Subdivisions of PakistanEdit

  • Punjab: formerly West Punjab Province, home of the economically and politically dominant Punjabis. Punjabis form the largest single ethnic group in Western Pakistan, and the second largest group overall.
  • Pukhtunistan: formerly known as the North West Frontier Province and East Afghanistan, home of the Pashtuns, dominant in the military. Pashtuns are the third largest single group in Pakistan, and are considered to be the most racially healthy by Germany and Great Britain. Led by General Fazle Haq from 1977.
  • Azad Kashmir: made up of parts of the former Princely State of Kashmir plus parts of the Gilgit Agency. Home to a variety of peoples, including many Indo-Aryan Dardic tribes.
  • Sindh: formerly Sindh Province, home to the former capital region of Karachi, birthplace of Jinnah. The Sindhis are very influenced by the neighbouring Balochs.

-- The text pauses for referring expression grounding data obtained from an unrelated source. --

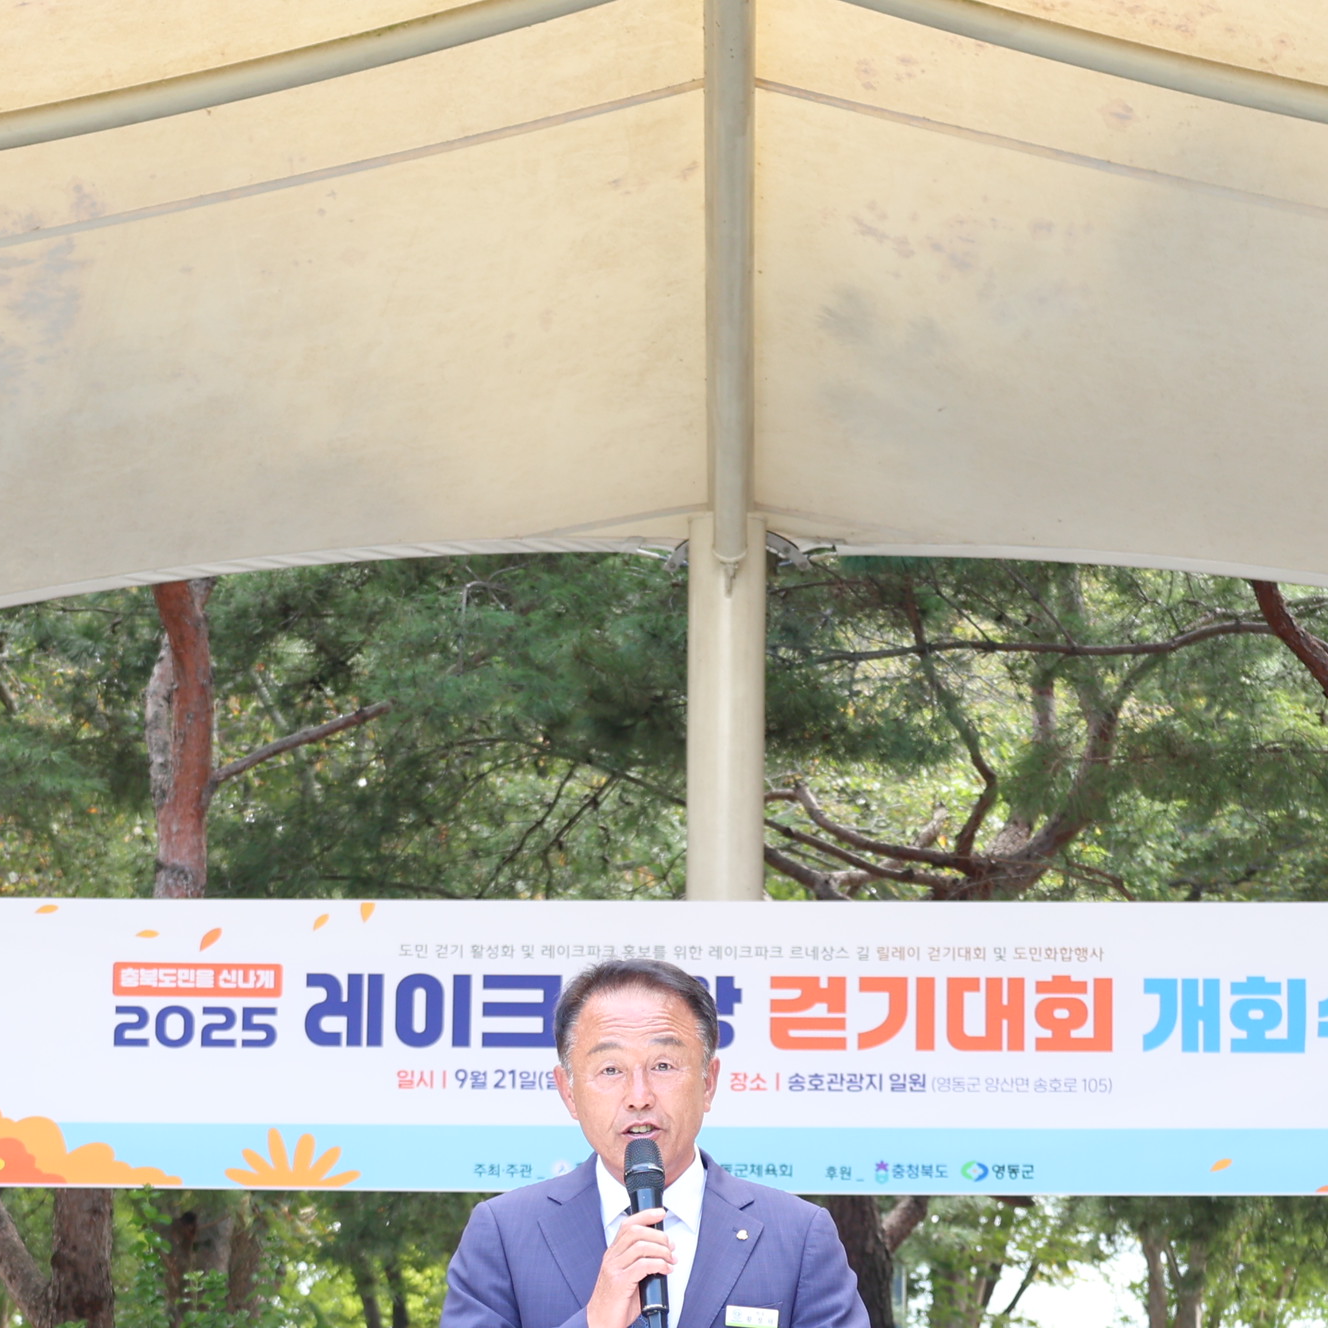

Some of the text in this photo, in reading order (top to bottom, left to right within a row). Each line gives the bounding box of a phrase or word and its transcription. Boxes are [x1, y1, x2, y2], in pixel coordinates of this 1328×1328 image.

[399, 944, 428, 959] 도민
[436, 944, 463, 959] 걷기
[471, 944, 515, 959] 활성화
[521, 945, 534, 959] 및
[623, 945, 668, 959] 홍보를
[674, 945, 703, 960] 위한
[708, 945, 784, 960] 레이크파크
[789, 946, 849, 961] 르네상스
[857, 946, 869, 961] 길
[877, 946, 920, 961] 릴레이
[928, 946, 986, 961] 걷기대회
[993, 947, 1006, 961] 및
[120, 967, 276, 989] 충북도민을 신나게
[114, 1005, 277, 1048] 2025
[769, 975, 1113, 1052] 걷기대회
[397, 1070, 434, 1089] 일시
[455, 1069, 487, 1089] 9월
[730, 1072, 1112, 1094] 장소 송호관광지 일원 (영동군 양산면 송호로 105)
[826, 1166, 851, 1180] 후원
[892, 1164, 948, 1179] 충청북도
[992, 1165, 1034, 1180] 영동군

  • Baluchistan: formerly known as East Baluchistan and the Baluchistan States Union, formed by the union of the Chief Commissioner's Provinces of Baluchistan and the Princely States of Kalat, Kharan and Makran, minus the Enclave of Gwadar (part of Oman under the protection of Great Britain within the Trucial States). The Bolchs are considered to be of a racially healthy, Iranian type by Germany. Led by the Khan of Kalat, with substantial power in the hands of the influential Marri tribe.

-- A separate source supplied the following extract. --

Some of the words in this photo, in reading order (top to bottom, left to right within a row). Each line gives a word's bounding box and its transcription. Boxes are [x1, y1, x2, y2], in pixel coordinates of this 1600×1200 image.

  • East Bengal: the main division of East Pakistan. The Bengalis are not highly regarded racially, either by the peoples of West Pakistan, by Germany or by the old colonial master Great Britain. They are seen as culturally partially Hinduised and racially influenced by Mongoloid peoples of the East and by Dravidian Negroid peoples from the South. Led by Ghulam Azam, Ameer of Jamaa-e-Islami, from 1971.
  • North Arakan: the smaller part of East Pakistan, home of the Rohingya people. The Rohingya are still less highly regarded ethnically than the Bengalis, being intermediate between Bengalis and Eastern Mongoloid peoples.
  • Karachi District: capital region to 1966. Karachi was the birthplace of Muhammad Ali Jinnah, founding father of Pakistan.
  • Islamabad District: capital region from 1966. Constructed specially to act as a new national capital, located near the border of the Punjab and Pukhtunistan.
  • Maldvies: annexed to Pakistan in 1966. Maldivians are an Indo-Aryan people, similar to the Sinhalese of Sri Lanka. Led by the Sultan of the Huraa Dynasty, currently Sultan Ibrahim Fareed Didi.
  • Chitral: ethnically diverse, with a variety of Indo-Aryan Dardic tribes including the Kalash. Led by the Mehtar of the Katur Dynasty, currently Mehtar Muhammad Saif ul-Mulk Nasir, married to the daughter of the Nawab of Amb.
  • Amb: ethnically Pashtun. Led by the Nawab, currently Nawabzada Salahuddin Saeed Khan. Annexed Phulra at independence.
  • Swar: ethnically Pashtun, with some admixture from Indo-Aryan Dardic tribes. Led by the Wali, currently Wali Miangul Jahan Zeb.
  • Dir: ethnically Pashtun. Led by the Nawab, currently Nawab Muhammad Shah Khosru Khan.
  • Bahawalpur: ethnically Punjabi . Led by the Nawab, currently Haji Muhammad Abbas Khan Abbasi Bahadur.
  • Khairpur: ethnically Sindhi. Led by the Amir, currently Mir George Ali Murad Khan II.
  • Las Bela: ethnically Sindhi. Led by the Jam Sahib, currently Jam Ghulam Qadir Khan.